Technology is an exceedingly important source in daily our daily lives. With the increasing demand for technological materials, more pressure is being put into the dangerous, unguaranteed, mines that produce the minerals necessary for our devices. Many elements and compounds are used in our electronic devices, which produces more harms in the mines in many countries mainly throughout the continent of Africa. I recommend that the school use technology with a reasonable amount and check that the workers at the mine have a safe experience, a guaranteed wage, and a stable environment.
Four materials are used to provide us with the materials we use to create the technology we value for our work, education, lifestyle, and activities. Tungsten, Tin, Tantalum, and Gold, otherwise known as the 3TG, are the important sources which power our devices. Tungsten produces the vibration for our phones; *69,941 tons are produced each year with China being the producer of over three-fourths of the material. Tin is used for soldering electronic components. *222,255 tons are being produced annually with China behind 49% of the element. Producing over 609 tons, tantalum is a key role in our devices; it is used for the capacitors and condensers. *260 tons are mined in Mozambique, roughly 33% of the annual production/ Lastly, gold is being used for electronic components and decorations; *1234,6 tons generated with China leading over 13% of the world’s supplies. Thus, many elements and compounds are used in our valuable pieces of technology, most of them originating from the mines in Africa.
Conflict minerals occur throughout the areas of mines, where these minerals can be found. However, these mines were run militias, who would receive $185 million annually due to the mines they owned. Several countries, such as Angola, Burundi, the Central African Republic (CAR), and the Democratic Republic of Congo (DRC), were some of the many countries involved in the illegal mines. Workers that were involved were not simply hired at their will. Situations across the nations included being physically forced, life-threatened, and involved the lives of other family members. Apart from these gruesome methods of being hired, work-conditions weren’t good either. There were many difficult, dangerous locations, as well as horrible, low-budget tools, not to mention tons of lifting and transporting, which may all lead to death. IN 1998, there were 5.4 million deaths. That’s equal to 3.5 times the population in Philadelphia! Thanks to the Dodd-Frank issue #1502 that was introduced in America, where industries are required to firms to determine the origin of materials used in products, conditions have improved. Now, conditions have grown, and ⅔ of the mines are not run by militias. Many in the world disagree with the production of technological gadgets. If the problem had not been considered, militias would still have had control over most of the mines, and mineral productions would decrease. That would lead to the plummets of industrial sales, decreasing the income for the companies, but also stocks would fall, leading to less investments in the future, and outbreaks of disappointment. In addition, environmental innovations would not work, leaving less resources and causing harmful diseases. Lastly, with the mines controlled by militias, more deaths will occur. With the increasing demand for more minerals, workers will be forced to work extra hours, take greater risks, and have less freedom. However, with more jobs, workers will get higher wages.

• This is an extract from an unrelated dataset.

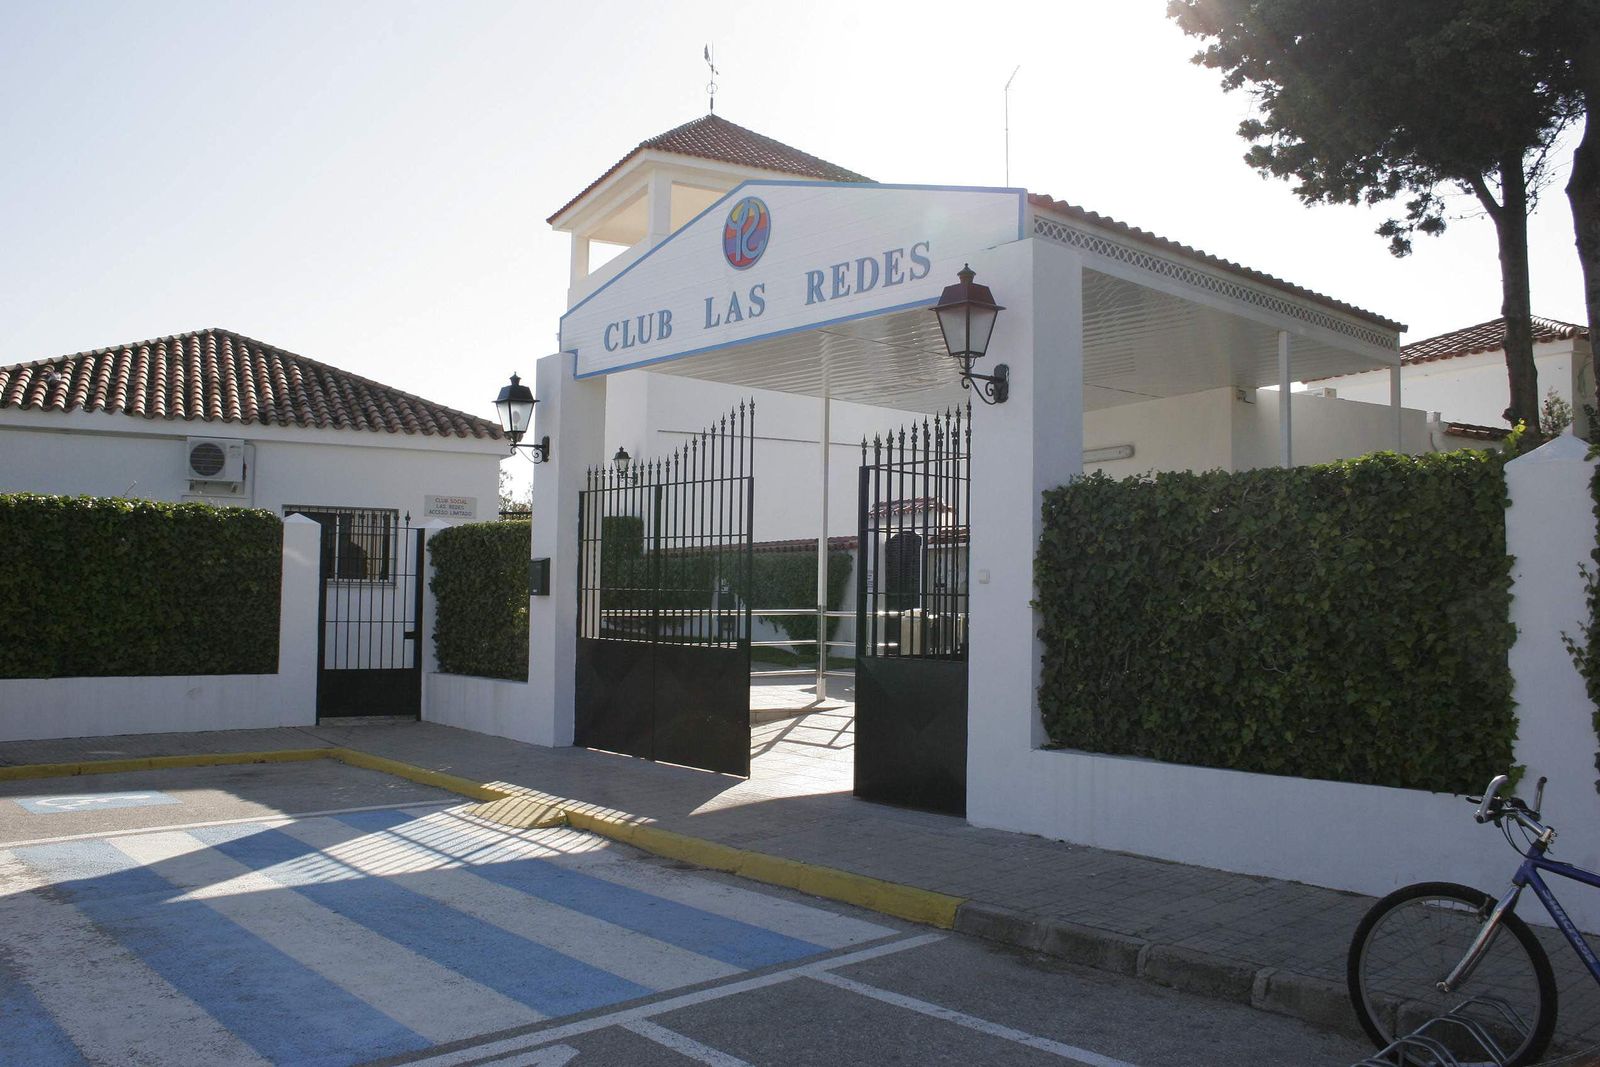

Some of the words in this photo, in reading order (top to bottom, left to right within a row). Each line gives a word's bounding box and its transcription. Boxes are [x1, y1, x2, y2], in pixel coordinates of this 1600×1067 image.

[603, 308, 673, 352] CLUB
[703, 283, 766, 330] LAS
[804, 240, 931, 306] REDES

I think that we, as individual, mindful citizens, should think before we act. We should demand for the origin of the minerals, whether it was produced from the dangerous mines, or from mines run by the power of democratic citizens. This will give the workers more respect and dignity. Furthermore, militias will ban their ideas on conflict minerals, and hopefully, mines in the future will be safe. However, we should always have at least one source of technology each, such as a laptop, as it is a basic source of education, and with this, students will be empowered to raise awareness in the future about these problems. With the increasing demand for electronic materials, we should only stick to our laptops, for our ipads will encourage militias to commence operations in Africa.
Therefore, I think that with the hard conditions faced during work at the mines, we ought to show some respect to those working there. We should demand to know where our materials come from, and buy equipment that only comes from militia-free mines. As a responsible community, Yokohama International School (YIS) should stick to laptops only, not any iPads, as the demand for technology is increasing, and even more demands will encourage the militias to operate again.
Andre M. 7B Science
Venkel: Rivera, Alex. “Conflict Minerals Infographic.” Conflict Minerals Infographic. VENKEL, 2011. Web. 26 Nov. 2015.
BBC: Doyle, Mark. “DR Congo Minerals: Most Mines ‘conflict Free’ since US Law – BBC News.” BBC News. BBC, 10 June 2014. Web. 26 Nov. 2015.
SI: “What Are Conflict Minerals.” Source Intelligence. Source 44, AVALAUNCH, n.d. Web. 26 Nov. 2015.